__YOUR ASSIGNMENT__:
Go through the data and copy every line in which "when" appears.

[Spatial localization data]
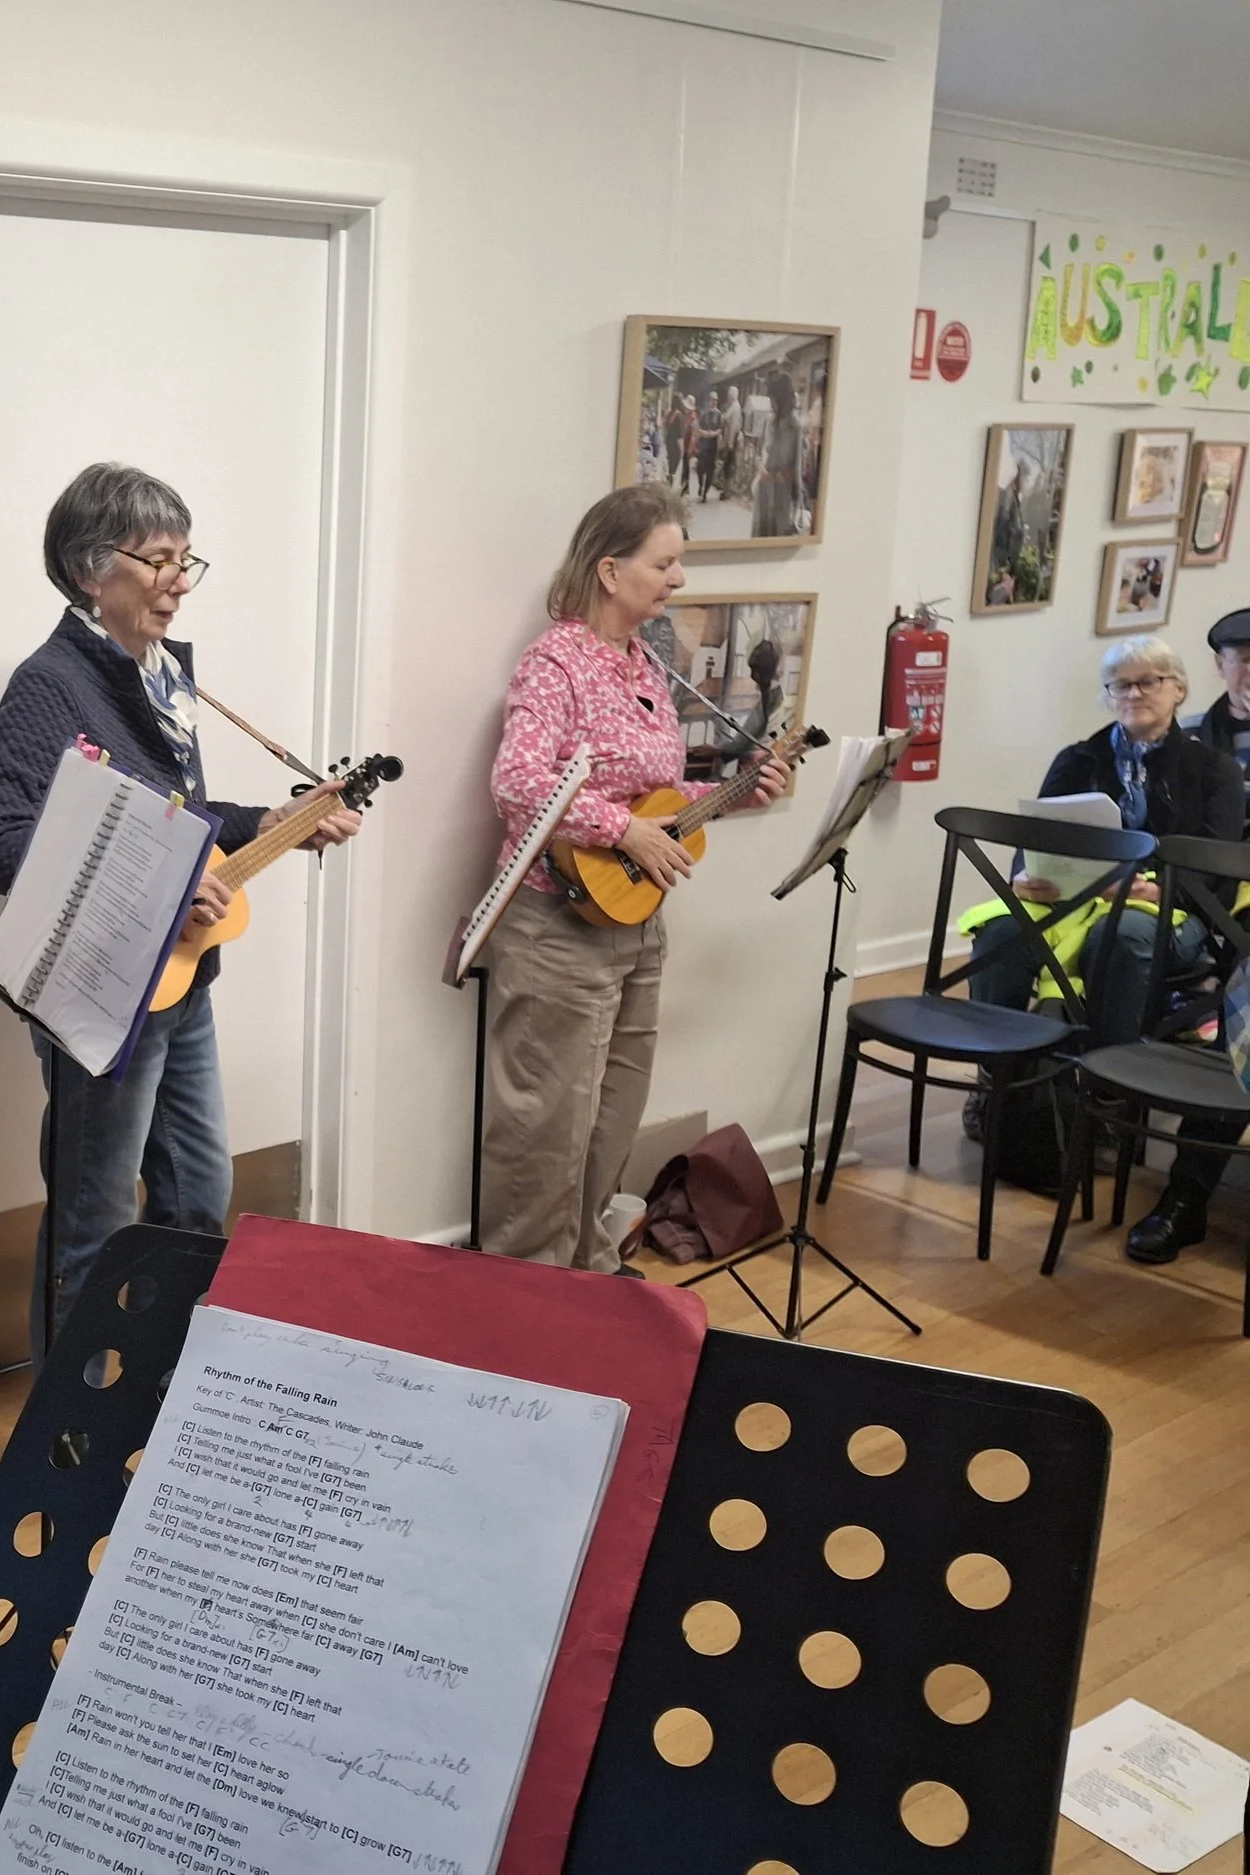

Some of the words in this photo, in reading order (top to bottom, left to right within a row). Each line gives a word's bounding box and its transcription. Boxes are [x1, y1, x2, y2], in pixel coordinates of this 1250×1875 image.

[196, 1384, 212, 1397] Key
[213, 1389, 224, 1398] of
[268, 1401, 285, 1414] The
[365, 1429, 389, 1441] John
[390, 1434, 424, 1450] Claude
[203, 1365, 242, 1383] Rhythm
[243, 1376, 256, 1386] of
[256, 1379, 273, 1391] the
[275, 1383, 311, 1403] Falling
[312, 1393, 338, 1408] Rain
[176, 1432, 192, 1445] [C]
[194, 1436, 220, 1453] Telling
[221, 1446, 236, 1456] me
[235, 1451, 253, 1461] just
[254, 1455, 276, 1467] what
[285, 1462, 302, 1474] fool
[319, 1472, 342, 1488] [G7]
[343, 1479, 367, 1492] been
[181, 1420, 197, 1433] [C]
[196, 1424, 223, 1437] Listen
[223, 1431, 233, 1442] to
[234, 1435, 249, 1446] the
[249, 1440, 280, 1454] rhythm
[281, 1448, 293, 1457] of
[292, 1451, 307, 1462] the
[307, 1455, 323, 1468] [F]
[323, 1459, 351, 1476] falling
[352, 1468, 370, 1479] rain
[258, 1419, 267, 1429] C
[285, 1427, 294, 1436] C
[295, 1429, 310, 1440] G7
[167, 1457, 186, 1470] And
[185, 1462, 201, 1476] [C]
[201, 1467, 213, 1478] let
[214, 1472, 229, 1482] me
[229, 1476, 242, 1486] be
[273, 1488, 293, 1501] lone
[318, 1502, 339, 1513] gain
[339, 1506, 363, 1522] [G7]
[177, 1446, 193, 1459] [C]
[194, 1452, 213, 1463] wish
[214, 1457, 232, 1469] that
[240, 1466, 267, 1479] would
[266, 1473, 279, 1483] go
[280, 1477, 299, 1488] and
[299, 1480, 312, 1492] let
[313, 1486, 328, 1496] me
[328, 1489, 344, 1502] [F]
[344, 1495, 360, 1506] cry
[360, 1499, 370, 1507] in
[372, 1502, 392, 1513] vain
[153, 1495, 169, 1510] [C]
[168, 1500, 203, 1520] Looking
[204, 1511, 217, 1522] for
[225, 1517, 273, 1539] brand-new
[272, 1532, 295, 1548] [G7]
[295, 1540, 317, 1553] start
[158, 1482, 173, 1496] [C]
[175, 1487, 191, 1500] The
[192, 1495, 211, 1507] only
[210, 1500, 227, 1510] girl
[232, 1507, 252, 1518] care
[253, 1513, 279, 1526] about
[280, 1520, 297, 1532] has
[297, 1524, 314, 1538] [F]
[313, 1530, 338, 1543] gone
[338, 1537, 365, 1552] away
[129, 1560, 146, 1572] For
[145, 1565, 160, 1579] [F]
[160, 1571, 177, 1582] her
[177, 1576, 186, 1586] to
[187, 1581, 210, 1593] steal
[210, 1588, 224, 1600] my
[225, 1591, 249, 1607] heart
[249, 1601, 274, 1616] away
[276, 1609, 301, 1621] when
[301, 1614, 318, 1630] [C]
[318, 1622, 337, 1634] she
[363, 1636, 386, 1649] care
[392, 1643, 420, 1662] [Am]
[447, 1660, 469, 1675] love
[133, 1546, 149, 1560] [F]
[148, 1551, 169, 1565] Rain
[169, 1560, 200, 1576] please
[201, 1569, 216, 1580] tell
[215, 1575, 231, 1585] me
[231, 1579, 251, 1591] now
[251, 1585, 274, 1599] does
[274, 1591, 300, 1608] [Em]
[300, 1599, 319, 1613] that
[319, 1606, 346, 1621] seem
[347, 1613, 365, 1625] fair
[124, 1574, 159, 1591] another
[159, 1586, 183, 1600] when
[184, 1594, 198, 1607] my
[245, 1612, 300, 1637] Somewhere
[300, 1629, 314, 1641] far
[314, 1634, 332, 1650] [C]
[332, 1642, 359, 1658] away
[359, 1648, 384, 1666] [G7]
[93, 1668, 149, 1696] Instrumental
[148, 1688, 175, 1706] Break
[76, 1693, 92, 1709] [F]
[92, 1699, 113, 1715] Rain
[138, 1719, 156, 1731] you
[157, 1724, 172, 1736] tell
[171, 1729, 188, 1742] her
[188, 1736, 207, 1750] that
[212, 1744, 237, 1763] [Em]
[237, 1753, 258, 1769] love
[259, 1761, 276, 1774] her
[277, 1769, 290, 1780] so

__SOLUTION FOR THIS TASK__:
[276, 1609, 301, 1621] when
[159, 1586, 183, 1600] when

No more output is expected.